Exclusive: California prison fires 2 officers, cuts pay for others following guards’ deaths
WES VENTEICHER, SacBee: “The Department of Corrections and Rehabilitation has moved to fire two officers while disciplining 10 other employees at a prison near Sacramento where two officers died after making claims of harassment, hazing and corruption within a specialized investigative unit.
Most of the employees are appealing the discipline to the State Personnel Board, according to three current and former corrections employees who spoke on the condition of anonymity, fearing retaliation.
Valentino Rodriguez, who was 30, died of a fentanyl overdose at his home in West Sacramento in October 2020. Rodriguez was an officer in the Investigative Services Unit at California State Prison, Sacramento, a high-security institution in Folsom. Kevin Steele, 56, a sergeant in the unit, was found dead at a home in Miller County, Missouri in August. The county’s coroner ruled his death a suicide.
‘A great gift to the world’: California, art community pay tribute to Wayne Thiebaud
DARRELL SMITH, SacBee: “Reaction continued to pour in from California and across the art world upon the death of Wayne Thiebaud.
The luminary artist whose iconic works from vividly colorful confections to soaring city streets and meandering landscapes celebrated the everyday and who dedicated his life to teaching a new generation of artists died Christmas Day at his Sacramento home.
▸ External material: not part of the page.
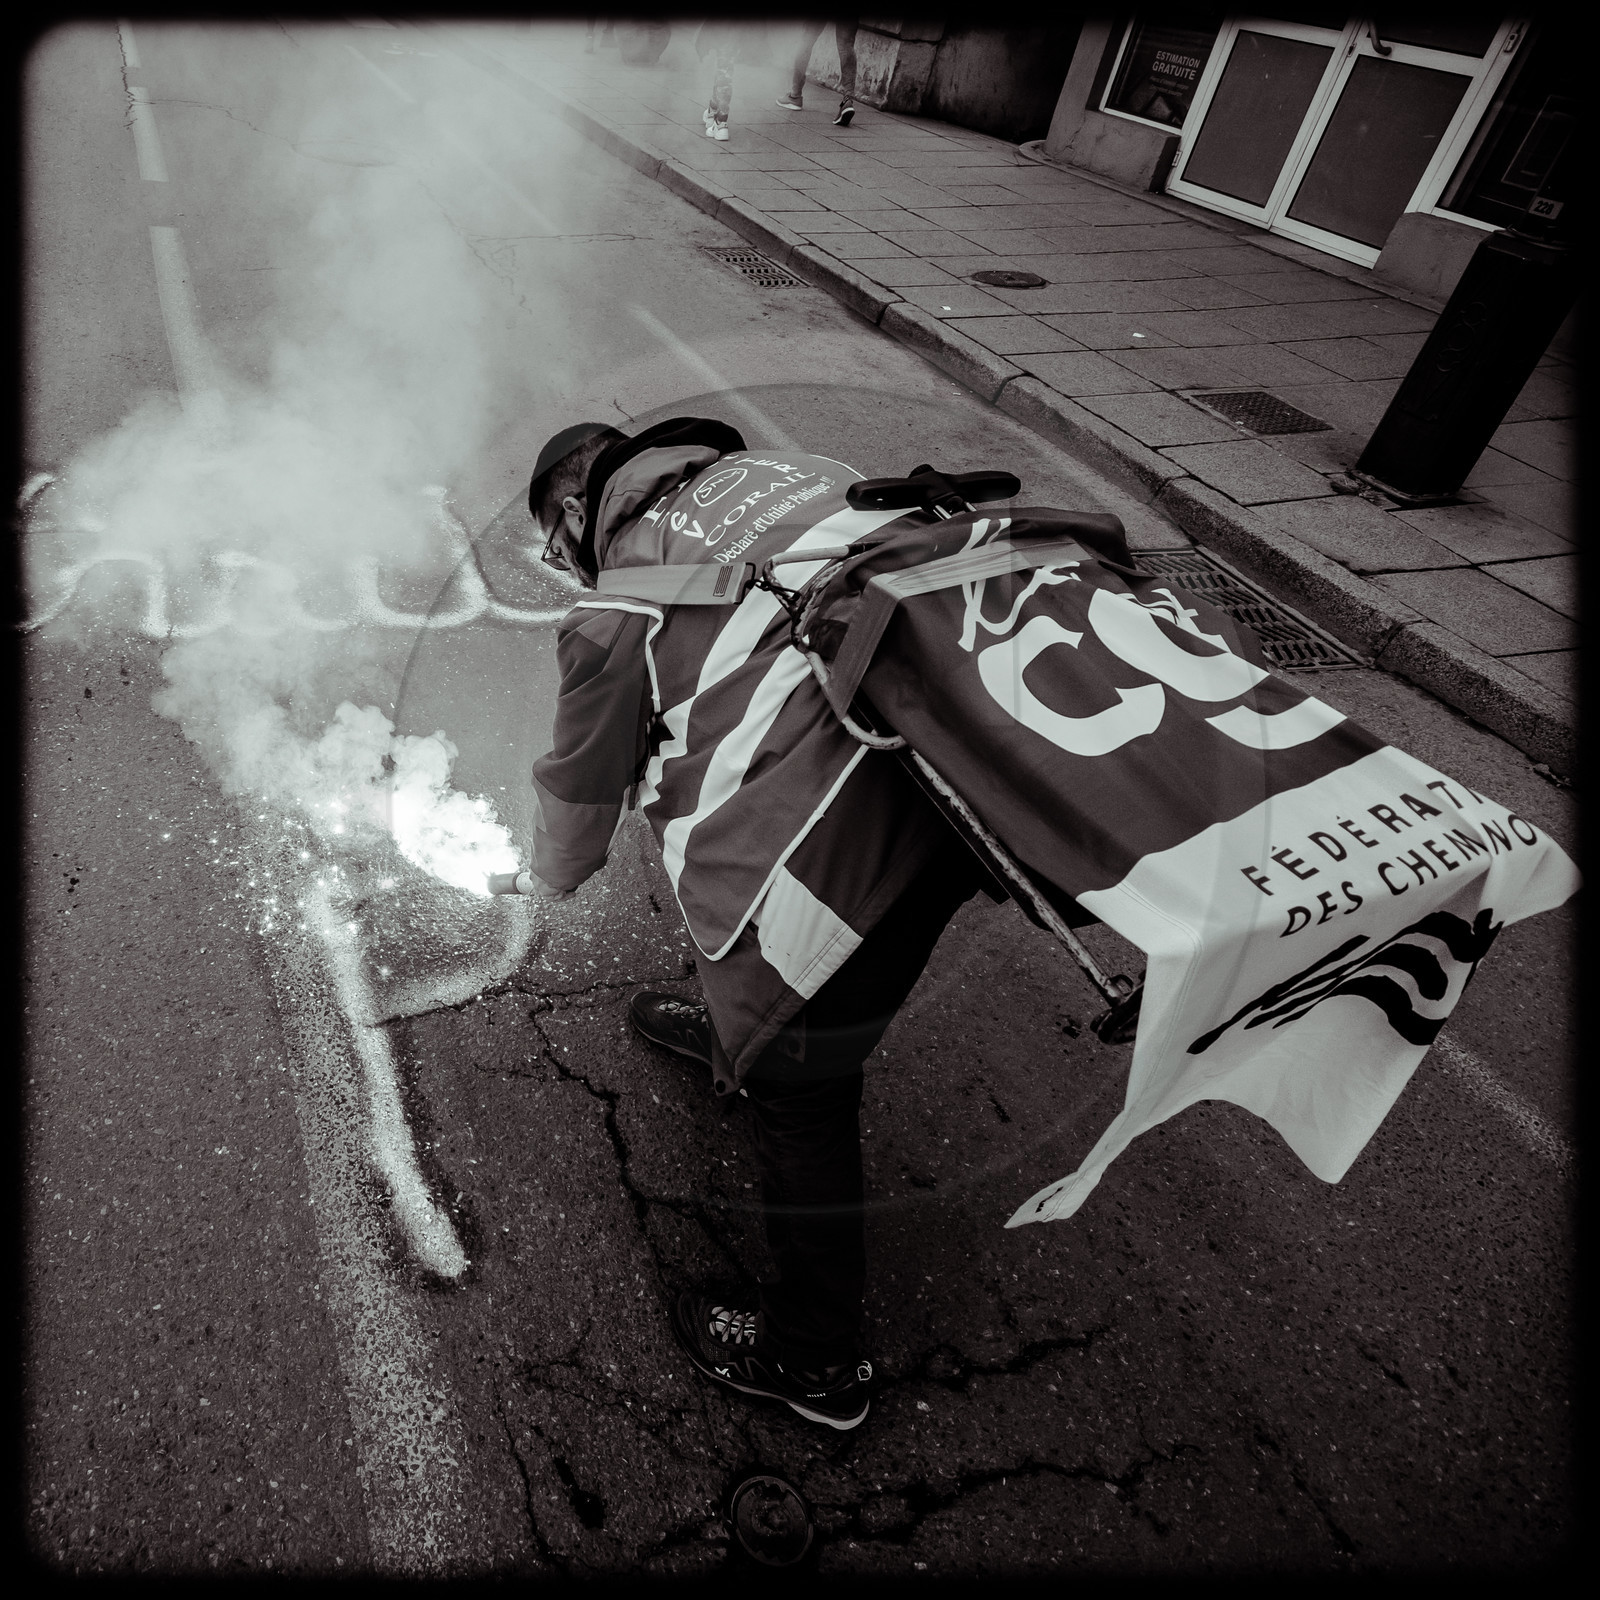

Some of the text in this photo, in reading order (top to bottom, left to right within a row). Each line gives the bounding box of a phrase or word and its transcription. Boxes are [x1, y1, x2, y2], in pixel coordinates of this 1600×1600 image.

Thiebaud was 101. Thiebaud was “a great gift to the world,” Gov. Gavin Newsom said in a statement Sunday night.
California child care providers say raises aren’t enough to keep the system afloat. Here’s why
JEONG PARK, SacBee: “Fresh off of winning a 15% minimum pay raise, more than 40,000 California child care providers are aiming to secure more benefits from paid sick days to affordable health care.
California will spend hundreds of millions of dollars over the next several years to boost the number of child care slots by 200,000. Yet, the existing providers say they need more help too to keep their own businesses open.
Thousands of providers have closed since the pandemic, cutting the number of child care slots available for California families by tens of thousands, according to an estimate from the union Child Care Providers United.
Bay Area man who sent menacing email to McConnell can be criminally charged, appeals court rules
The Chronicle, BOB EGELKO: "A Bay Area man who told then-Senate Majority Leader Mitch McConnell, in an anonymous 2018 email, that "the resistance is coming to DC to slash your throat" can be charged with making a criminal threat, a federal appeals court ruled Monday.
The charge against Howard Weiss had been dismissed last year by U.S. District Judge Stephen Breyer of San Francisco, who said the email and other messages to McConnell were “vile and repugnant” but were not direct threats, just predictions that someone else would harm the Republican leader. But the Ninth U.S. Circuit Court of Appeals said a jury could reasonably conclude that Weiss himself was threatening McConnell.
The 2018 message “was likely to engender a fear of violence by describing when and how the threat would be carried out,” the three-judge panel said. It said the email, sent through a form on McConnell’s website, was “personally directed” at McConnell, whose staff reported the message to law enforcement as a threat."